I had already complained about the nails. About the effing hair.

“Your homecoming dance only happens once,” she’d insisted. “Don’t you want to look nice?”

I’d crossed my arms. She’d waved the mascara wand menacingly. We’d argued back and forth, back and forth, each of us getting more and more agitated.

In the end, it was the only battle I won that night. My poor mom. A woman who never left the house without lipstick, who—like her mother before her—got her hair colored on the regular, she obviously wished for a daughter who cared more about her appearance. Instead, she’d gotten me, a petulant teen who wore wide-leg carpenter jeans and oversized tees. Who wore her hair in a ponytail every day.

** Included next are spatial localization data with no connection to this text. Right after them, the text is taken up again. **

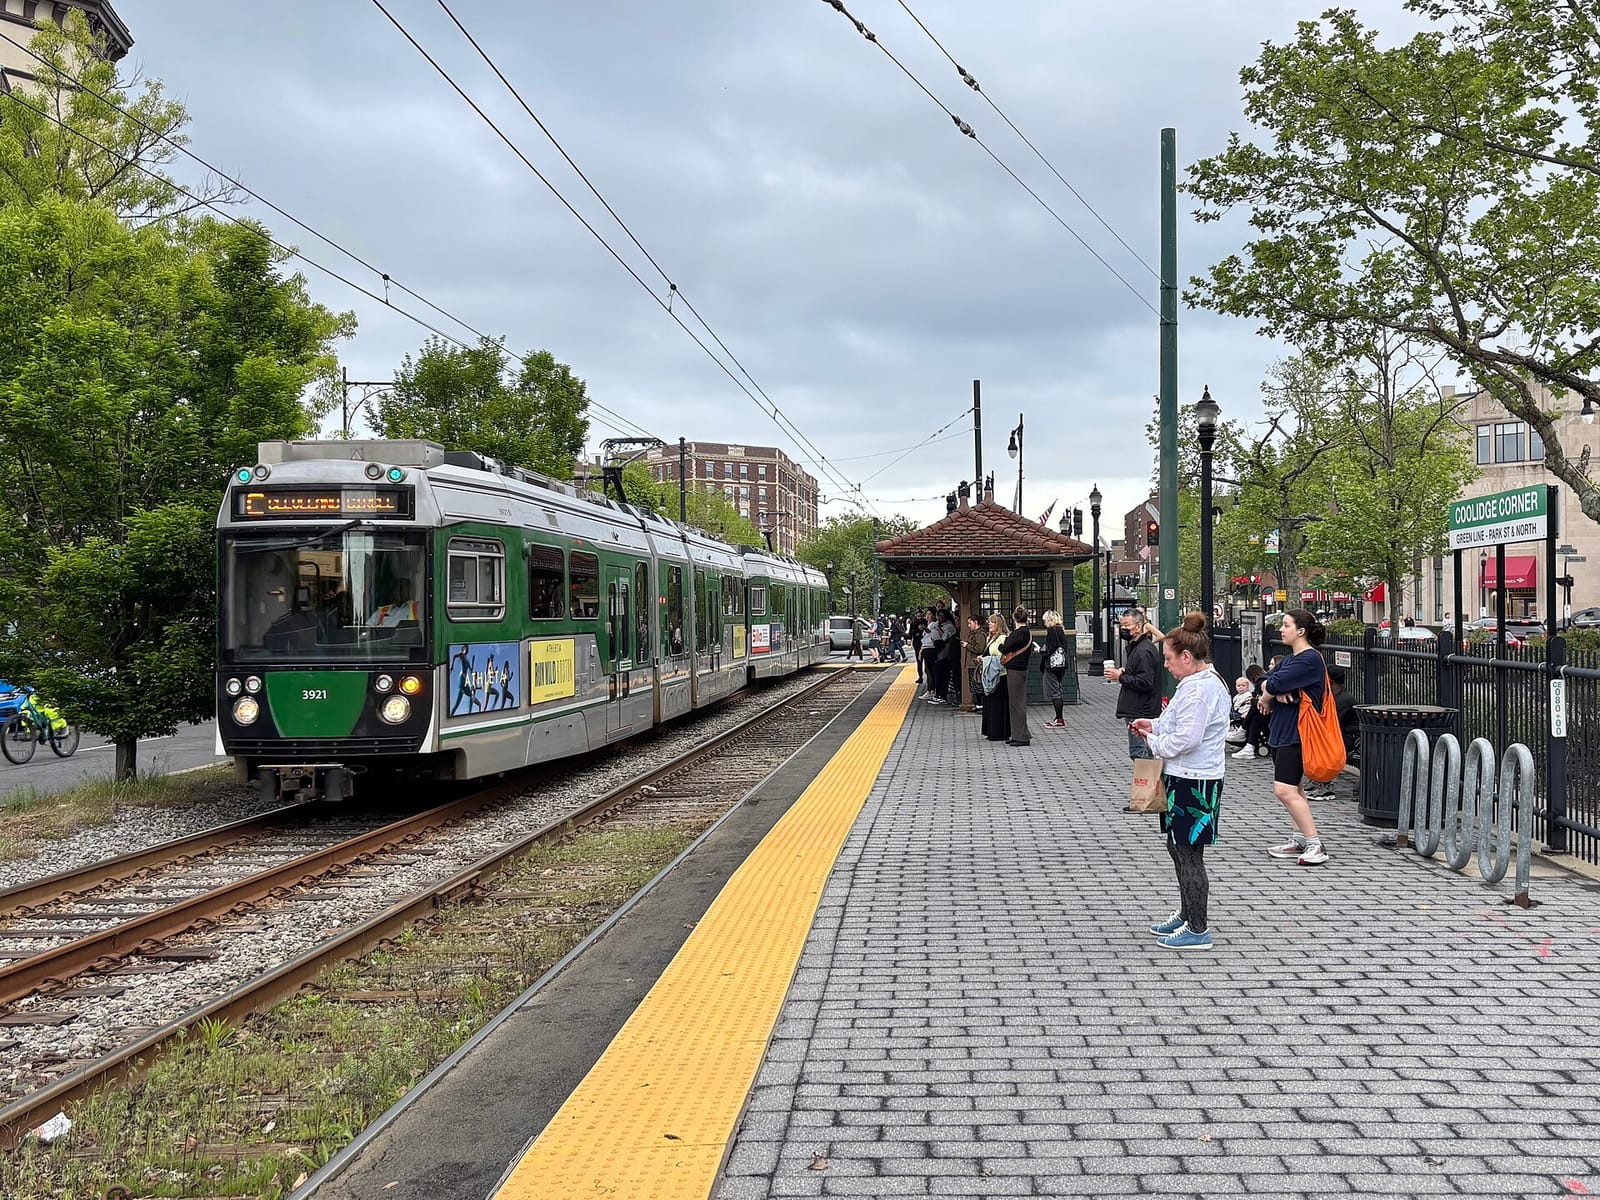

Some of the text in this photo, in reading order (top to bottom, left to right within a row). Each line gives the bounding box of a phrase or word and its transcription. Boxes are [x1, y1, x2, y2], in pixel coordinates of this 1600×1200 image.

[1455, 491, 1538, 525] COOLIDGE CORNER
[1455, 532, 1473, 545] GREEN
[1473, 529, 1485, 543] LINE
[1488, 527, 1503, 541] PARK
[1503, 526, 1511, 539] ST
[1515, 521, 1537, 537] NORTH
[915, 569, 1015, 579] COOLIDGE CORNER
[464, 669, 507, 688] ATHLETA
[302, 690, 327, 700] 3921
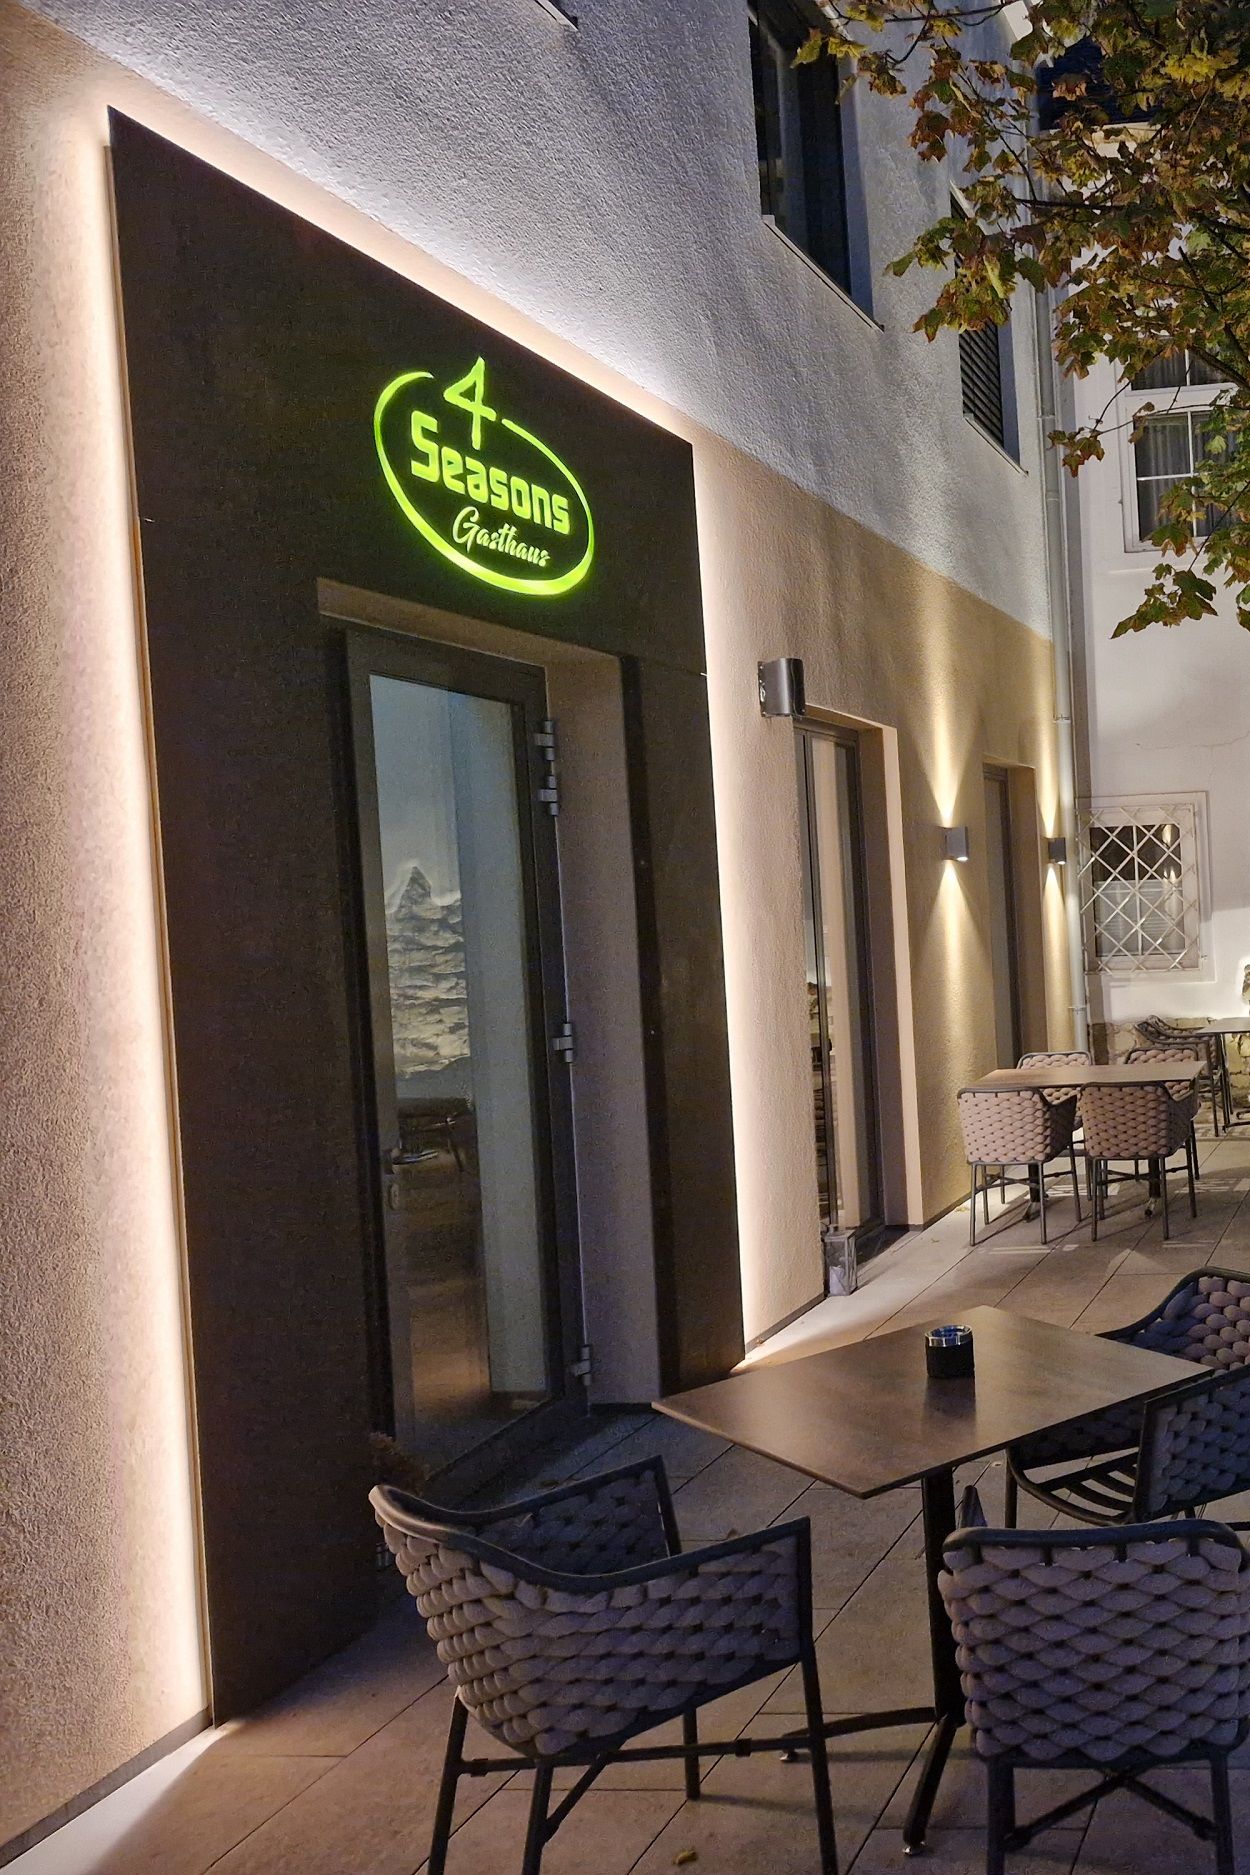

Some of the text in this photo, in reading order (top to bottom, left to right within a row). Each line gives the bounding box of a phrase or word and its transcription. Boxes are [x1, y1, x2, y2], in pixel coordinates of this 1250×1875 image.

[443, 356, 497, 450] 4
[410, 409, 571, 535] Seasons
[452, 506, 551, 567] Gasthaus
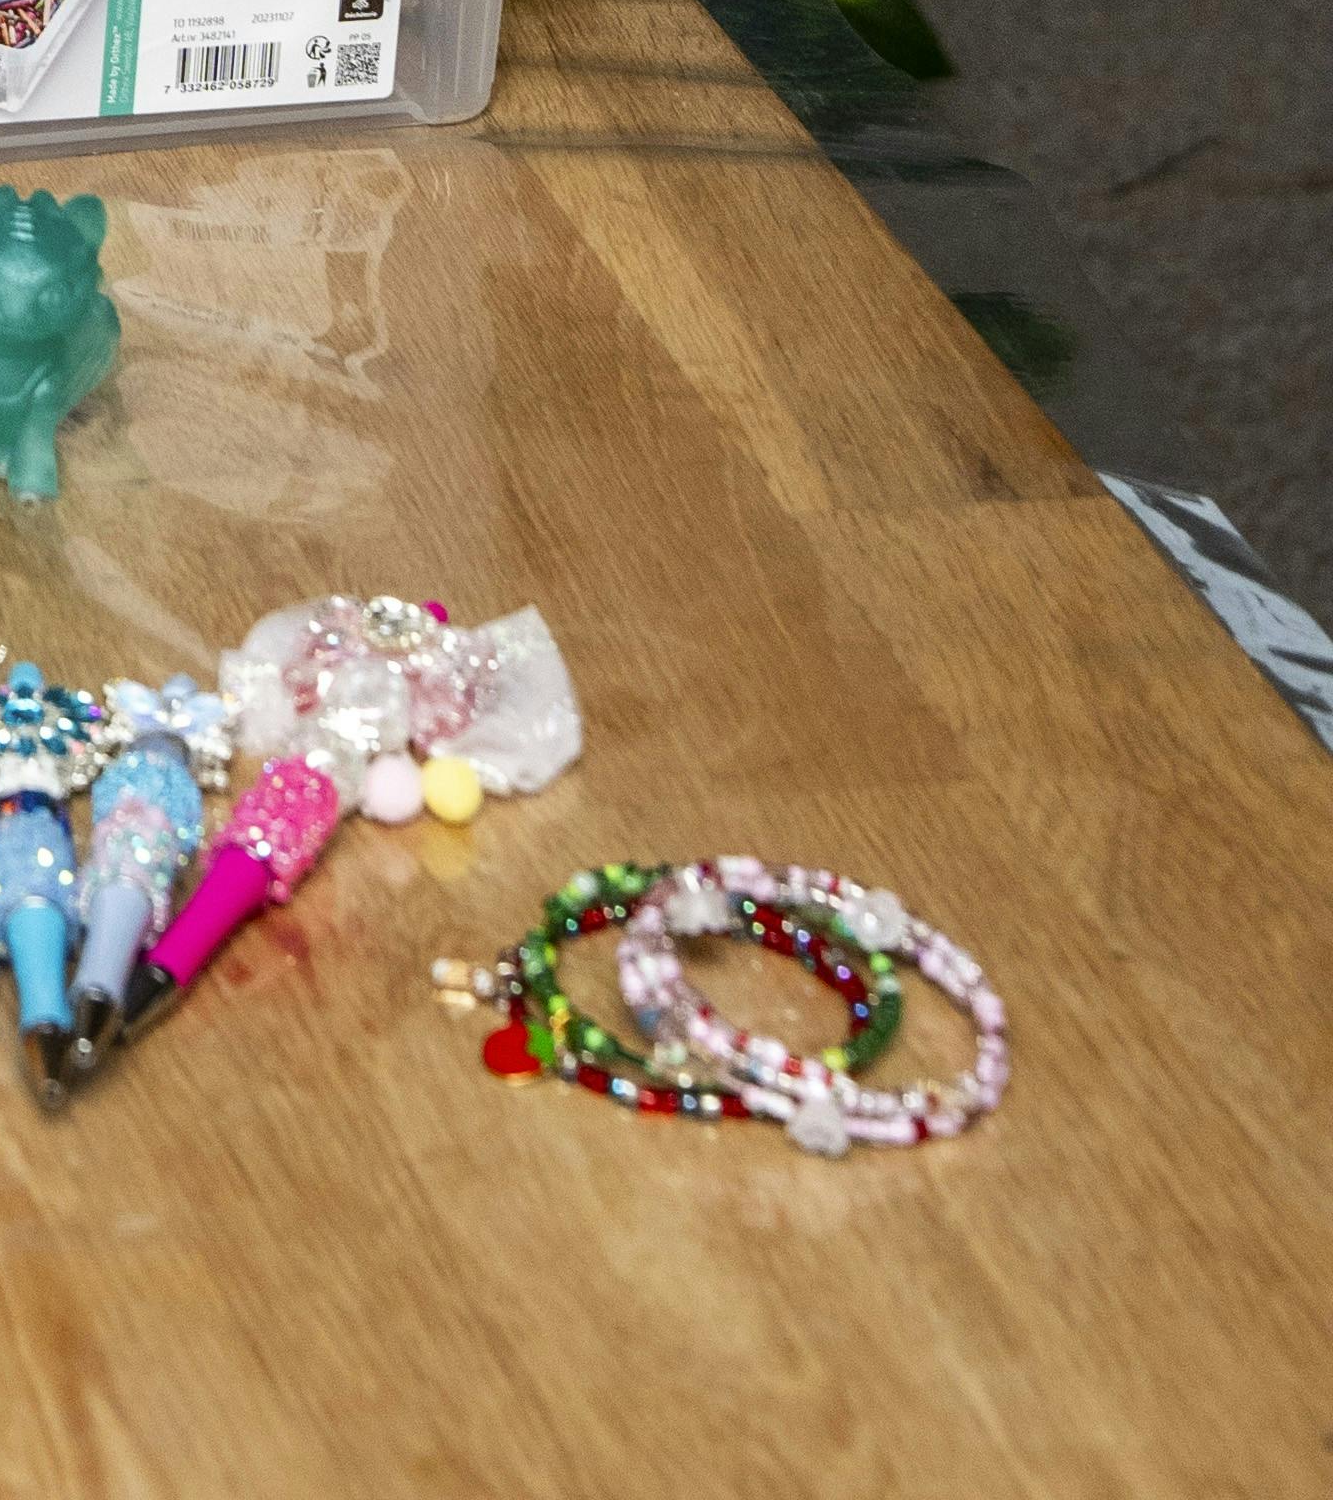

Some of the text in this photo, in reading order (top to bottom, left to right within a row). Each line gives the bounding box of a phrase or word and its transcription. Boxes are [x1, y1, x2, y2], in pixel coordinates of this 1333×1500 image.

Who insisted that she hated the weight of nail polish on her fingernails. I was never all the things girls were supposed to be, never cared about the things I was supposed to care about. The only concessions I made to beauty were my tube of ChapStick and my baby powder-esque Heaven Sent perfume.

How Girls Are Taught to Follow a Particular Model of Womanhood

Based upon whether we have been assigned male or female at birth, we are all raised to adopt certain markers of femininity or masculinity. I remember being raised to be polite, passive, cooperative, amenable. To cater to the needs of others at the expense of my own.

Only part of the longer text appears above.